**** Material provided
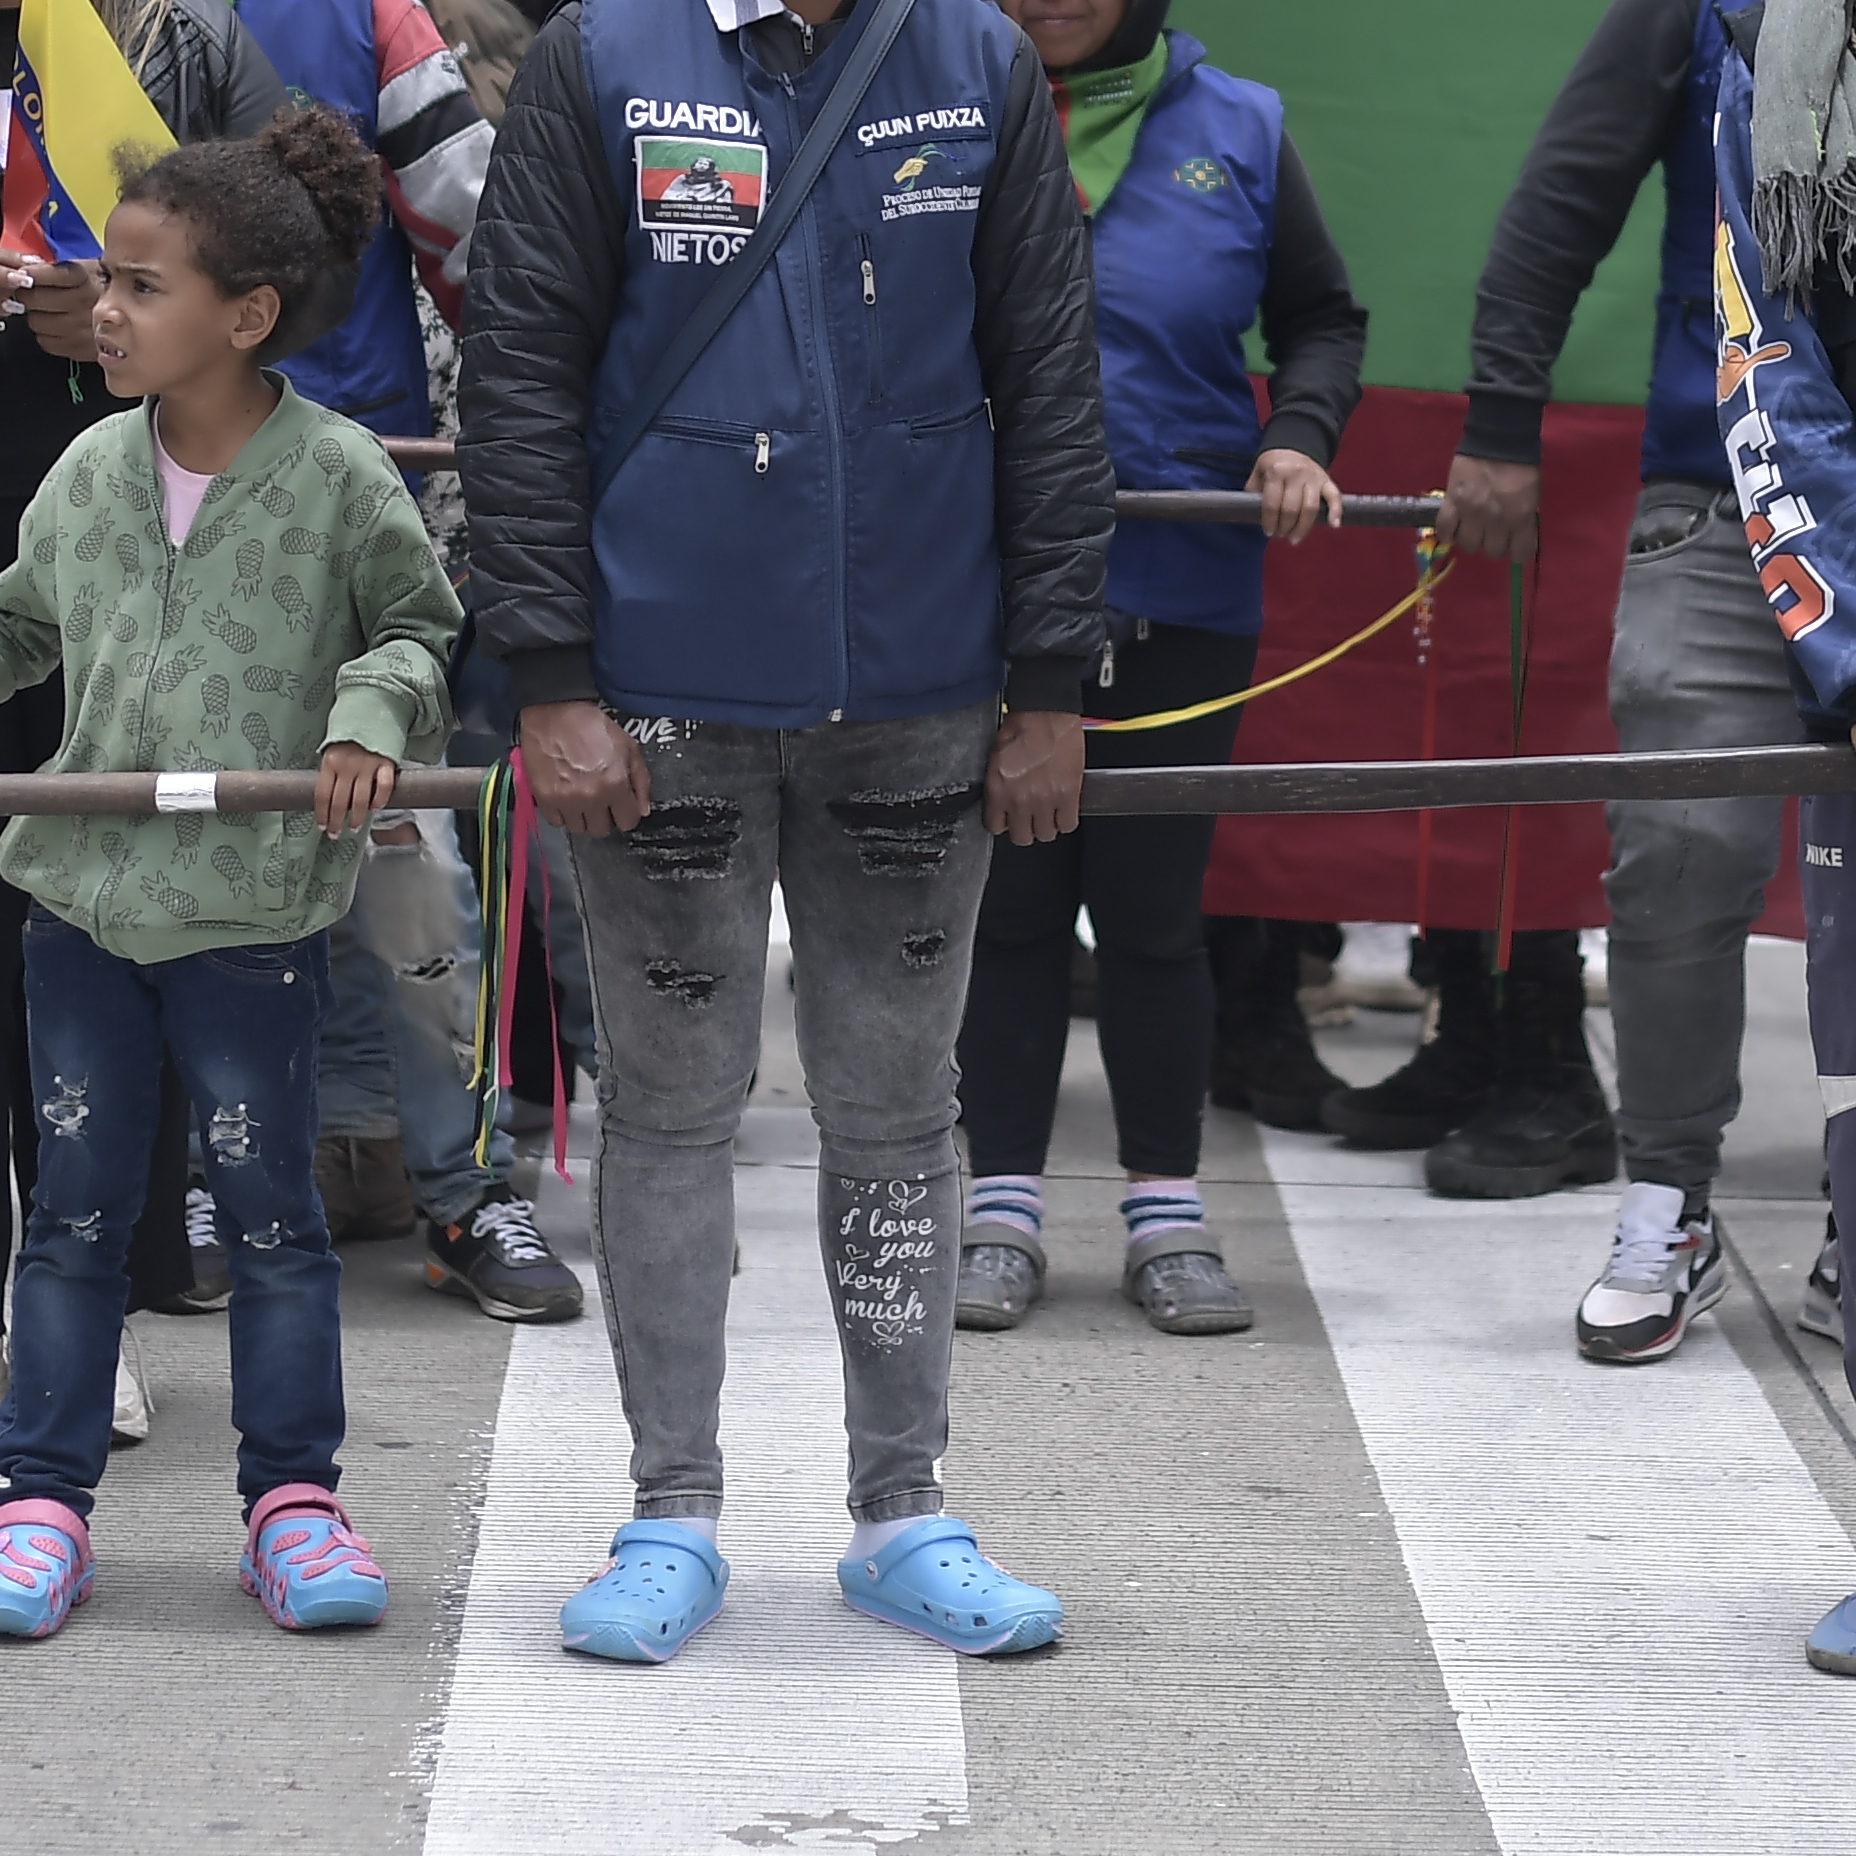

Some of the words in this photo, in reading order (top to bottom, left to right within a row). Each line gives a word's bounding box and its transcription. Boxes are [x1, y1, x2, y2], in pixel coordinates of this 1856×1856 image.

[857, 115, 913, 146] ÇUUN
[916, 106, 986, 131] PUIXZA
[1805, 843, 1844, 868] NIKE
[840, 1207, 861, 1236] I
[868, 1209, 937, 1238] love
[874, 1240, 935, 1269] you
[836, 1259, 904, 1301] Very
[845, 1290, 927, 1320] much
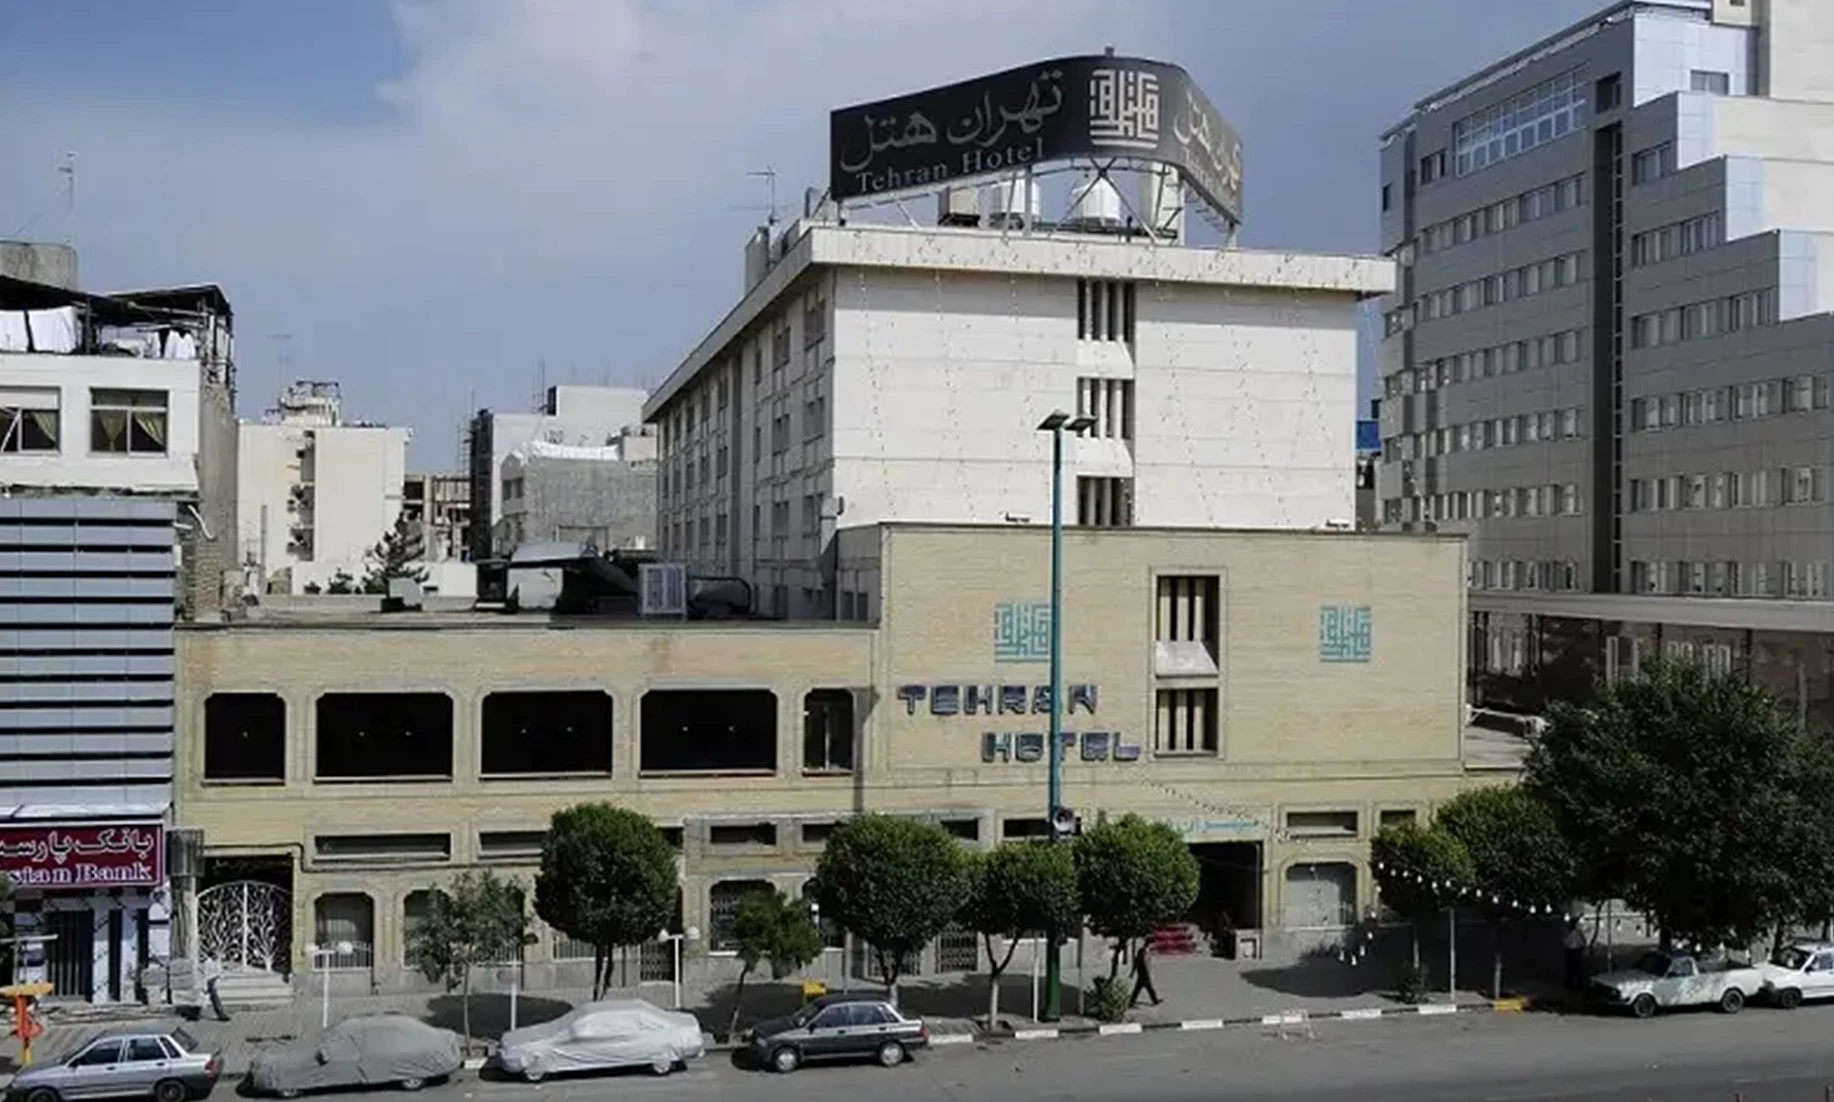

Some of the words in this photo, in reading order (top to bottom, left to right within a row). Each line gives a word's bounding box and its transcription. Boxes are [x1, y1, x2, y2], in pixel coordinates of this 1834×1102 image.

[946, 69, 1064, 148] تهران
[840, 111, 939, 173] هتل
[855, 160, 949, 193] Tehran
[962, 136, 1044, 173] Hotel
[897, 684, 1098, 716] TEHRAN
[981, 732, 1141, 763] HOTEL
[75, 828, 154, 860] بانک
[75, 862, 152, 883] Bank
********
What the task requires
Your answer should be the lines from the one containing "this 1834×1102 image." through the last line of the records, repeated exactly and with nothing added.

Answer to the problem
Some of the words in this photo, in reading order (top to bottom, left to right within a row). Each line gives a word's bounding box and its transcription. Boxes are [x1, y1, x2, y2], in pixel coordinates of this 1834×1102 image.

[946, 69, 1064, 148] تهران
[840, 111, 939, 173] هتل
[855, 160, 949, 193] Tehran
[962, 136, 1044, 173] Hotel
[897, 684, 1098, 716] TEHRAN
[981, 732, 1141, 763] HOTEL
[75, 828, 154, 860] بانک
[75, 862, 152, 883] Bank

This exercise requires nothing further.